With many states now significantly relaxing stay-at-home orders, Smith noted the University of Washington’s Institute for Health Metrics and Evaluation was now forecasting a national death toll of more than 134,000 by early August, close to double the current total of 70,000. The institute now forecasts a California death toll of 4,700 by early August, also roughly double California’s current number of more than 2,300.
Dr. George Rutherford, a UC San Francisco infectious disease expert, said on KGO-TV that the institute’s estimates so far had been spot-on.

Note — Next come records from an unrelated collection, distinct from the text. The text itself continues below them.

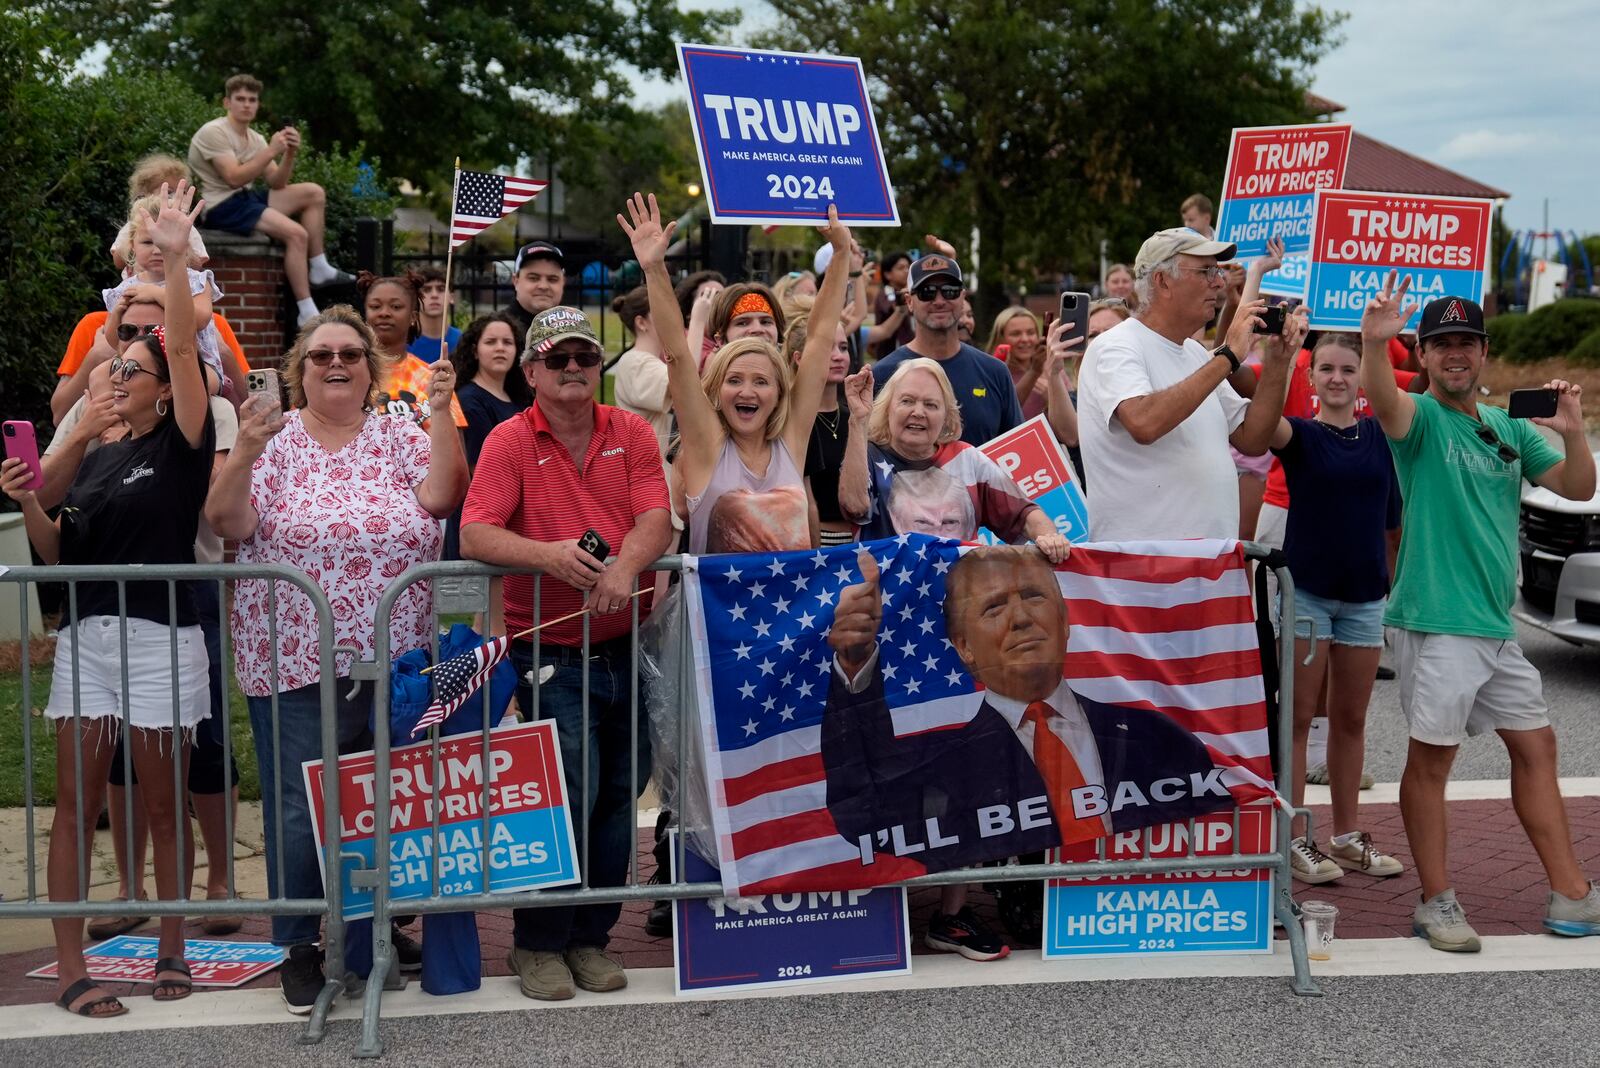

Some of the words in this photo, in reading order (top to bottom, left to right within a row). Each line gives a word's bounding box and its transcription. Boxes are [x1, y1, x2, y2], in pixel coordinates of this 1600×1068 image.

[703, 93, 861, 146] TRUMP
[722, 150, 750, 160] MAKE
[752, 151, 796, 163] AMERICA
[798, 154, 828, 164] GREAT
[831, 156, 863, 165] AGAIN!
[1253, 140, 1330, 171] TRUMP
[766, 173, 835, 200] 2024
[1235, 173, 1276, 195] LOW
[1278, 169, 1335, 192] PRICES
[1248, 198, 1313, 222] KAMALA
[1229, 223, 1269, 242] HIGH
[1272, 218, 1313, 239] PRICE
[1347, 209, 1460, 241] TRUMP
[1326, 239, 1384, 262] LOW
[1389, 242, 1472, 267] PRICES
[540, 310, 585, 327] TRUMP
[602, 447, 625, 456] GEOR
[352, 749, 513, 805] TRUMP
[424, 782, 542, 822] PRICES
[976, 794, 1052, 839] BE
[1070, 767, 1233, 820] BACK
[390, 822, 514, 863] KAMALA
[1096, 822, 1233, 855] RUMP
[438, 841, 549, 879] PRICES
[1096, 889, 1220, 912] KAMALA
[715, 920, 744, 930] MAKE
[747, 916, 793, 928] AMERICA
[796, 912, 829, 923] GREAT
[832, 909, 867, 920] AGAIN!
[1067, 912, 1137, 936] HIGH
[1146, 911, 1248, 933] PRICES
[1138, 939, 1176, 950] 2024
[85, 956, 159, 966] RICES
[189, 962, 258, 970] LOW
[778, 964, 812, 977] 2024
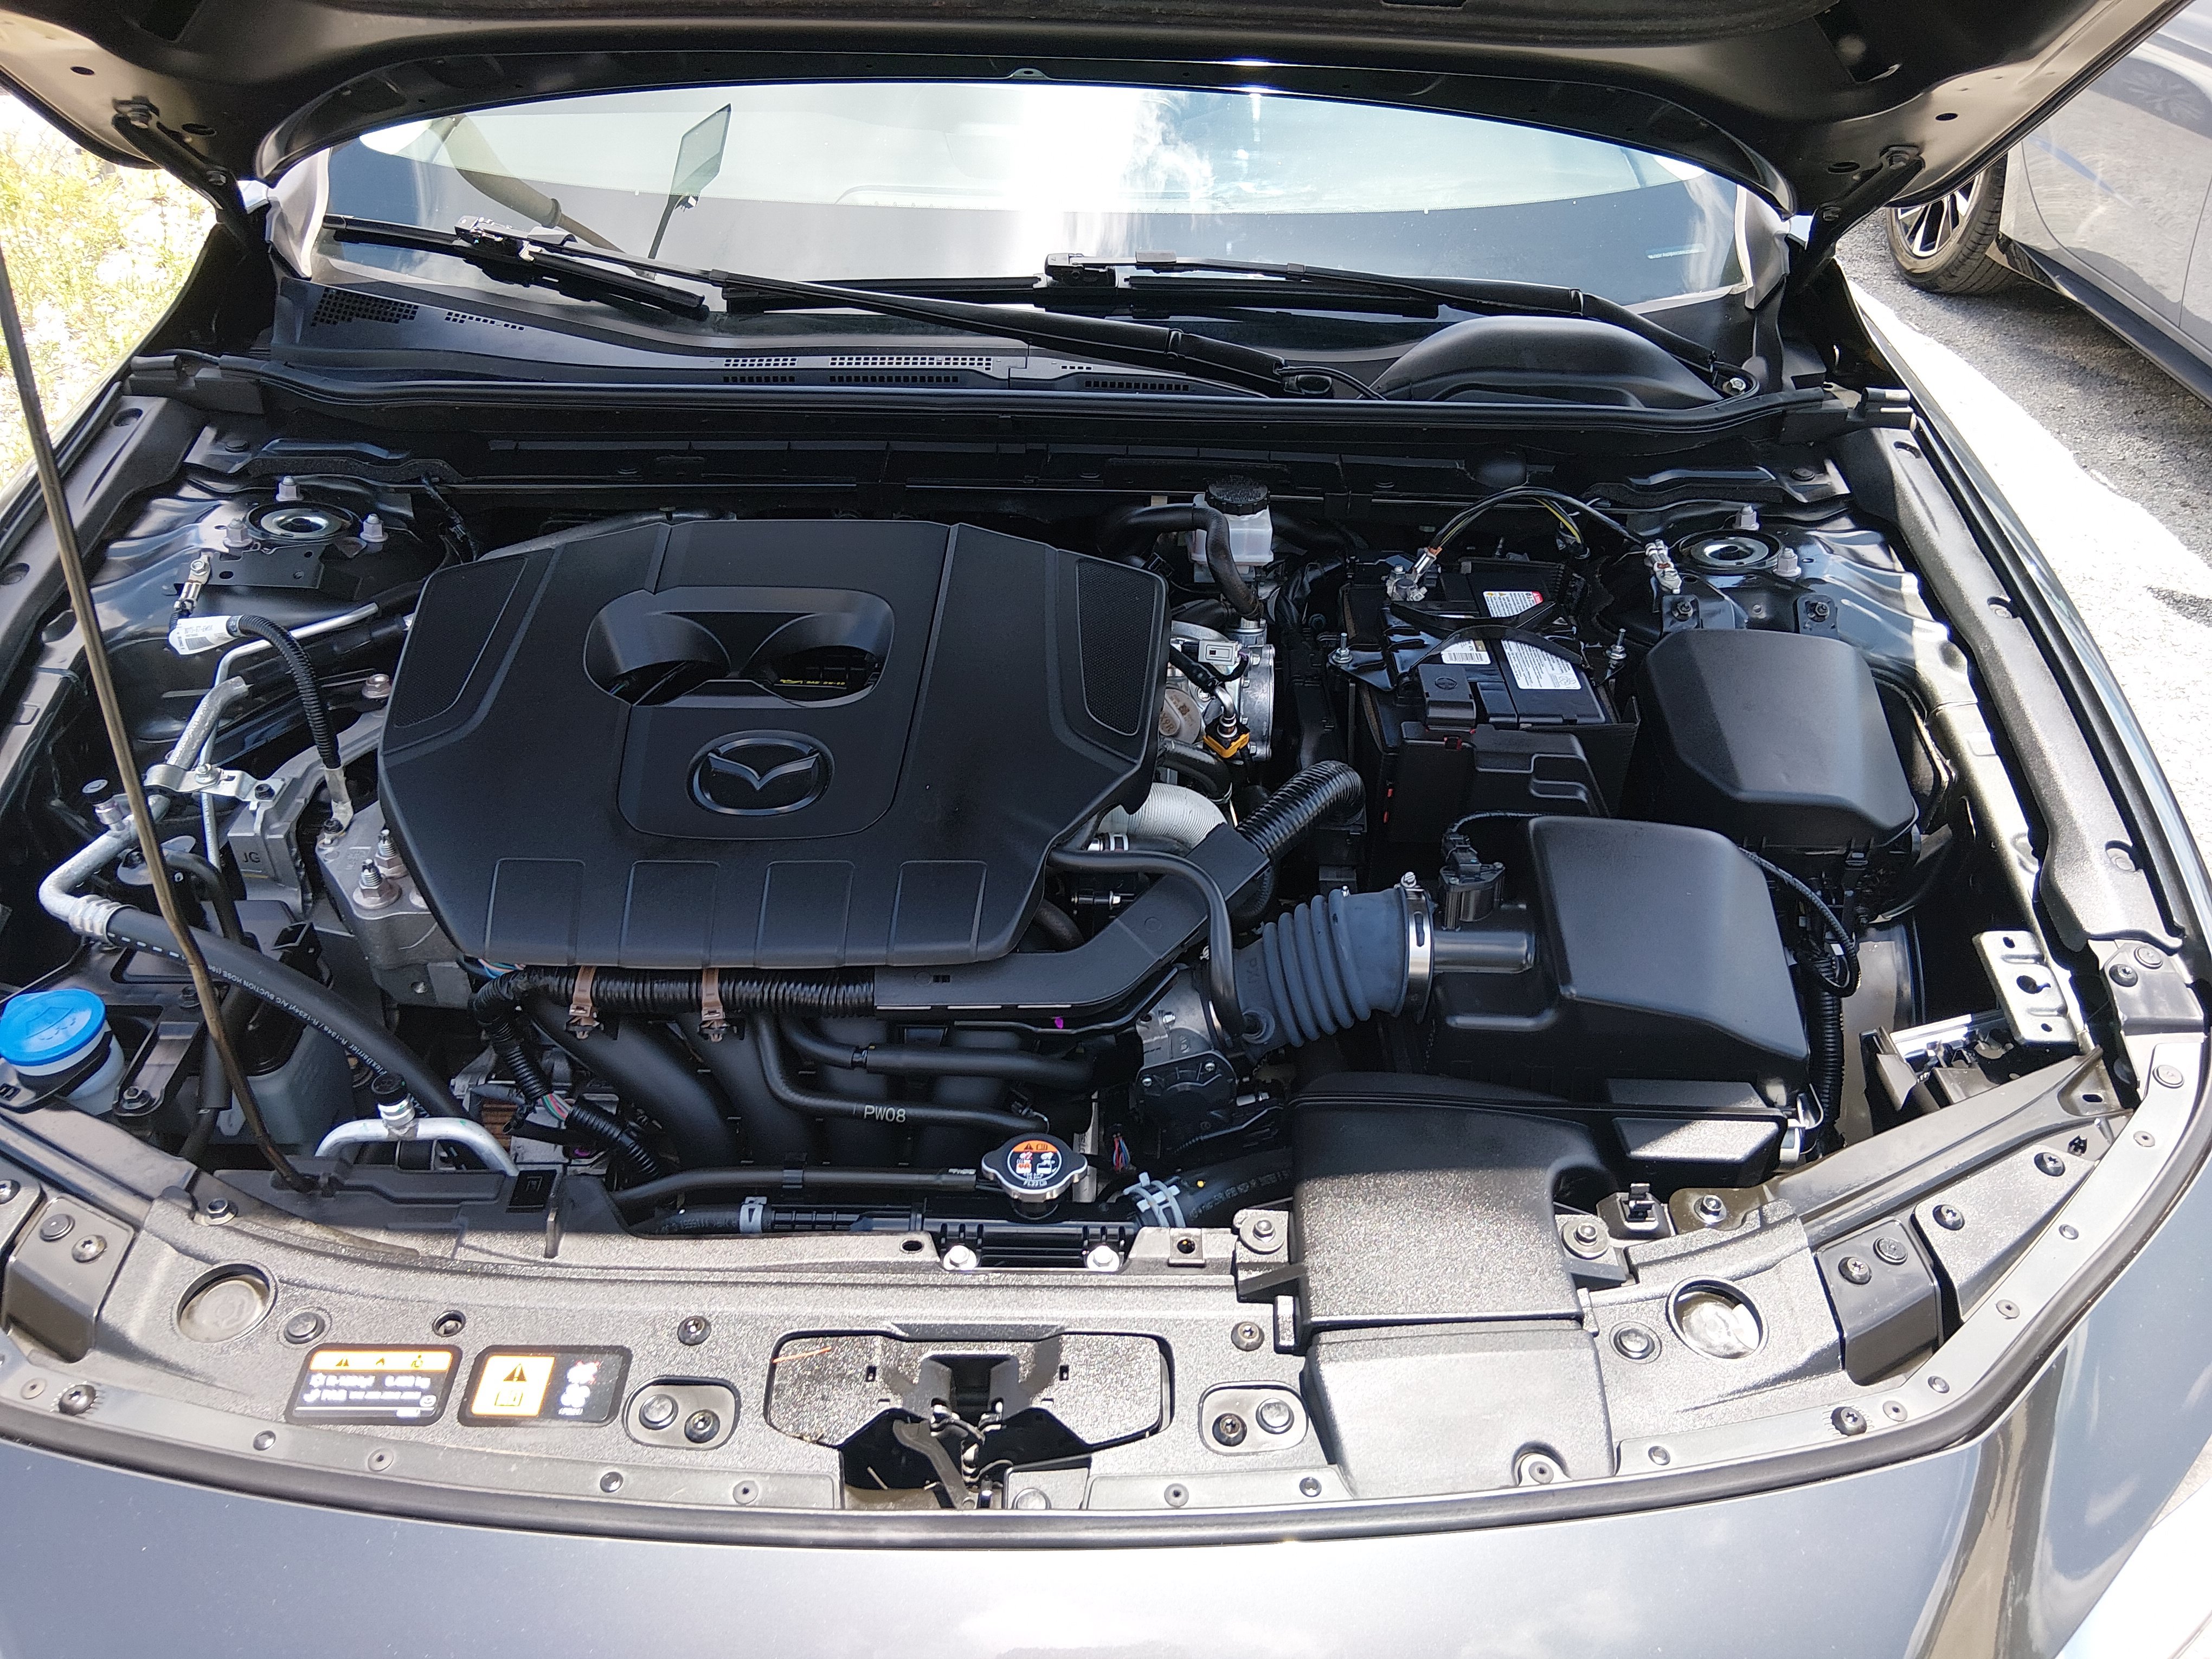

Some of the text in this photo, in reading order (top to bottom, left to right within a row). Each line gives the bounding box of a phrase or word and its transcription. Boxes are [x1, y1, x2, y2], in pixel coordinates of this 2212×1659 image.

Separately, a private projection by the Trump administration forecasts the daily death toll nationwide to rise to about 3,000 a day on June 1, the New York Times reported. The average daily death toll nationally last week was 1,800 fatalities a day.
Such a daily death toll would be staggering, Rutherford said. “Just remember, 3,000 deaths per day is 90,000 deaths per month. There were 56,000 Americans who died in Vietnam; 44,000 that died in the Korean War, and that was spread out over years,” he said.
“Relaxing shelter-in-place will cause new people to die,” Smith said. “Relaxation that’s more rapid and more widespread will be more risky.”
So far, Santa Clara County has joined five other Bay Area counties in implementing one of the nation’s strictest shelter-in-place orders, and the county has opted for an extremely slow loosening of its rules. For example, although construction in L.A. County was never ordered halted, the Bay Area put the brakes on most construction. That restriction was repealed just Monday in a new health order. The Bay Area’s stay-at-home order has been extended to May 31.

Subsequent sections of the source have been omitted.